I am very pleased to share that my final study from my PhD research has now been published in the Journal of Medical Internet Research (JMIR). The findings in relation to online patient feedback do challenge the current narrative in literature, and therefore I’m really pleased the despite the inevitable delays and hurdles, it has finally made it in the public domain. In other news, I am also pleased to share that I am now a fellow of the Higher Education Academy and I have also been accepted as a member of the Q Community.

A copy of the abstract is below and the complete journal can be found here.

Public Awareness, Usage, and Predictors for the Use of Doctor Rating Websites: Cross-Sectional Study in England


Background: With the advent and popularity of social media and consumer rating websites, as well as the emergence of the digitally engaged patient, there has been an increased interest in doctor rating websites or online patient feedback websites, both inside and outside academia. However, there is very little known about how the public across England views such rating websites as a mode to give patient experience feedback.
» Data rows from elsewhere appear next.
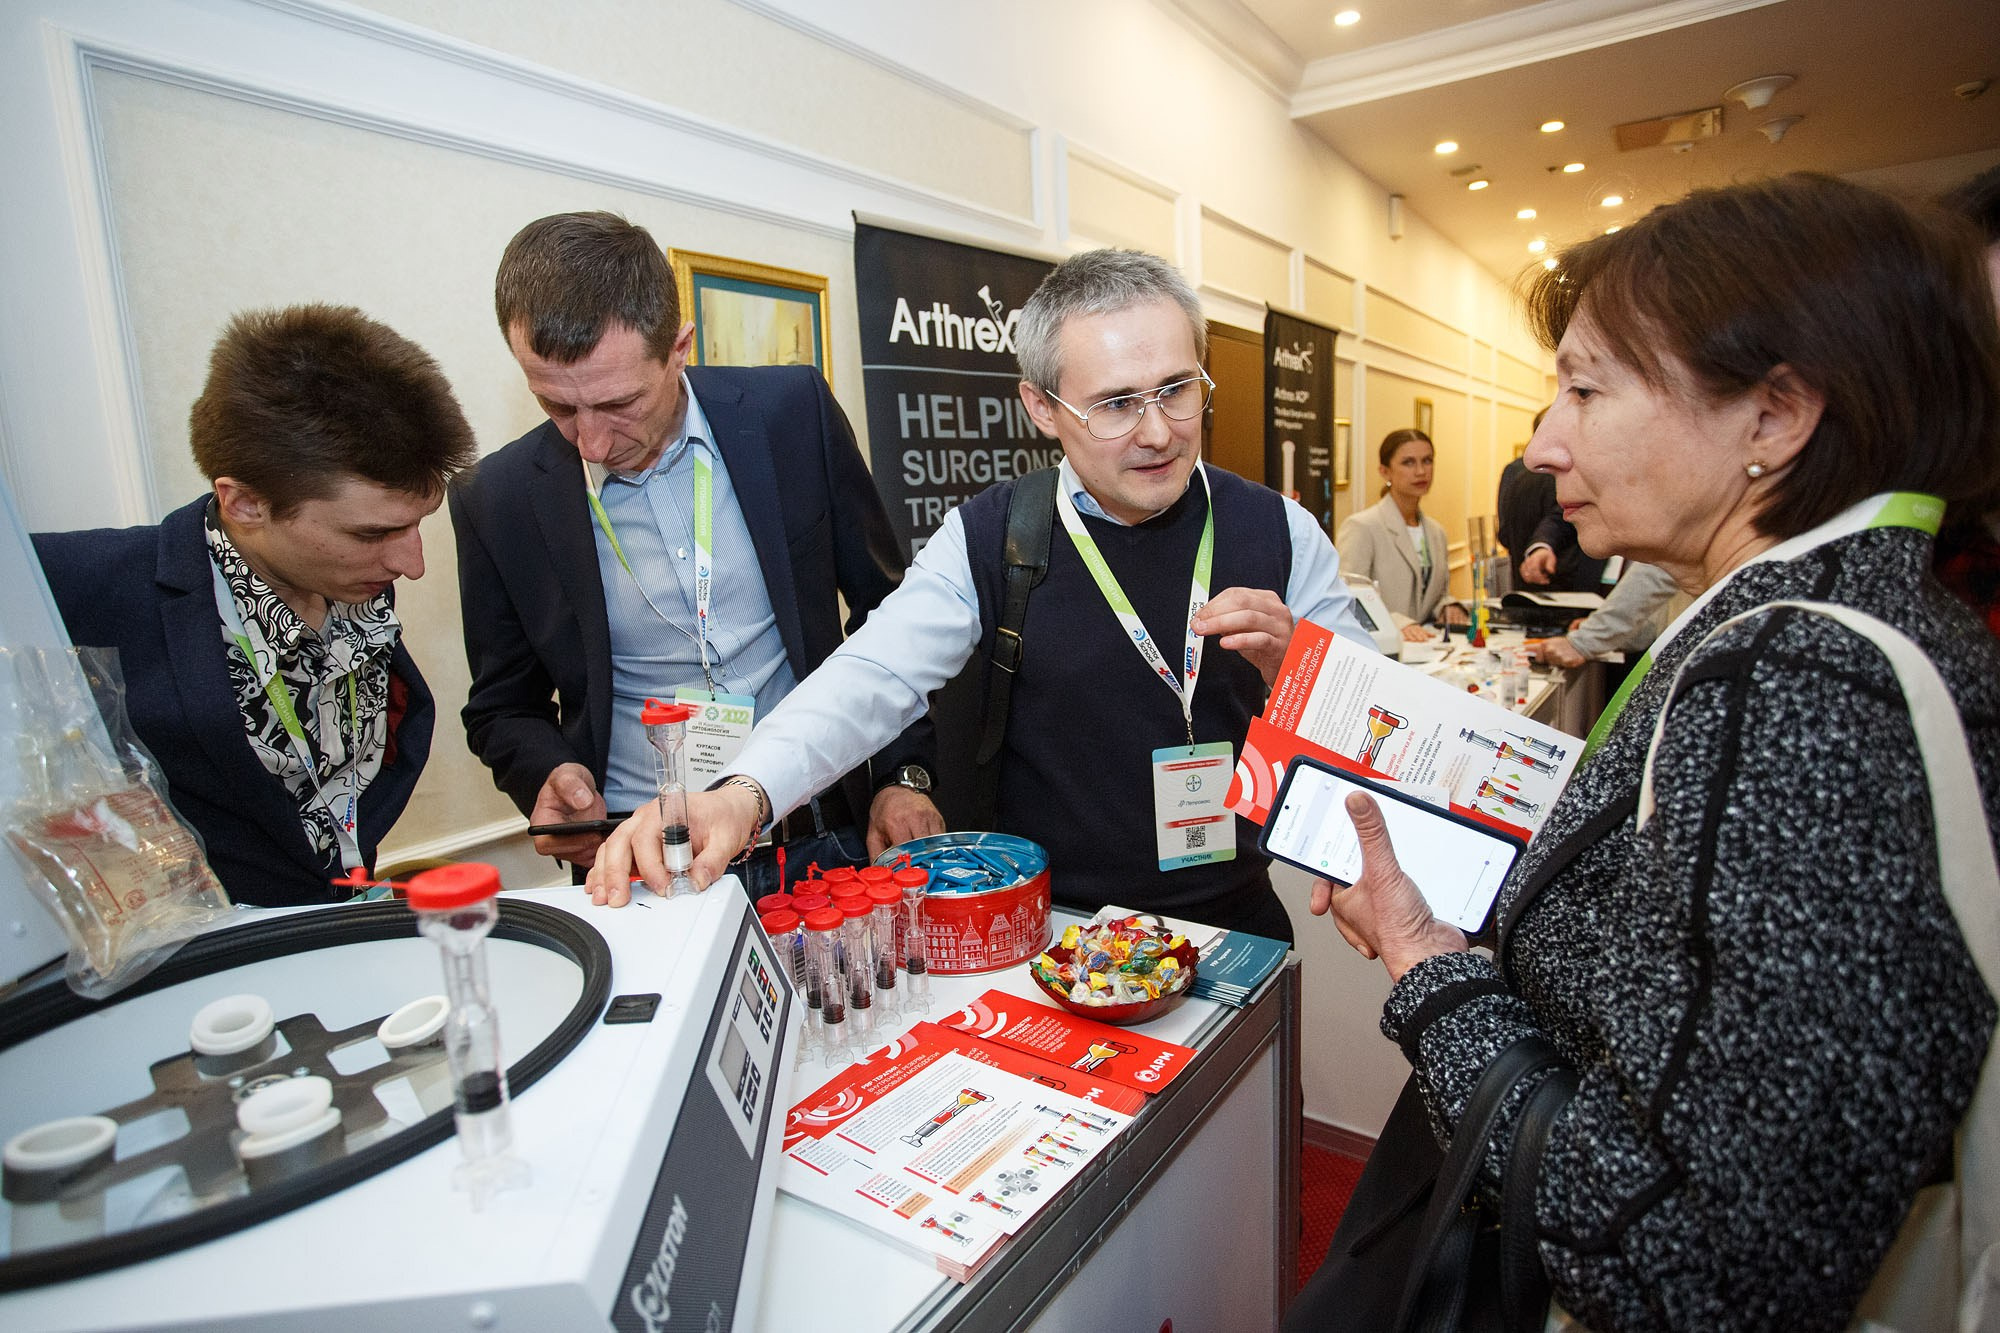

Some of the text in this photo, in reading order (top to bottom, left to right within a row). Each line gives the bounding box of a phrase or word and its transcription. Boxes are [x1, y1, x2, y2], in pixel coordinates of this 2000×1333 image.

[889, 296, 1019, 354] Arthrex
[897, 393, 1038, 439] HELPIN
[903, 449, 1064, 486] SURGEONS
[1138, 641, 1155, 663] School
[1144, 637, 1160, 659] Doctor
[1183, 646, 1193, 672] ЦИТО
[1275, 646, 1312, 728] ВНУТРЕННИЕ РЕЗЕРВЫ
[1284, 637, 1326, 732] ЗДОРОВЬЯ И МОЛОДОСТИ!
[1269, 708, 1278, 724] PRP
[1274, 674, 1292, 708] ТЕРАПИЯ
[690, 757, 724, 766] ВИКТОРОВИЧ
[1181, 852, 1213, 863] УЧАСТНИК
[872, 1064, 898, 1083] ТЕРАПИЯ
[1149, 1051, 1175, 1072] АРМ
[1081, 1087, 1104, 1101] РМ
Objective: The aim of the overall study was to measure and understand public awareness, usage, and attitudes towards doctor rating websites as a mode to give experiential feedback about GPs in general practice in England. This paper reports on the findings of one of the aims of the study, which was to measure public awareness, current usage and future consideration of usage of online patient feedback websites, within the context of other feedback methods, This could allow the value of online patient feedback websites to be determined from the patients’ perspective.

Methods: A mixed methods population questionnaire was designed, validated and implemented face-to-face using a cross-sectional design with a representative sample of the public (n=844) in England. The results of the questionnaire were analyzed using chi-square tests, binomial logistic regressions, and content analysis. The qualitative results will be reported elsewhere.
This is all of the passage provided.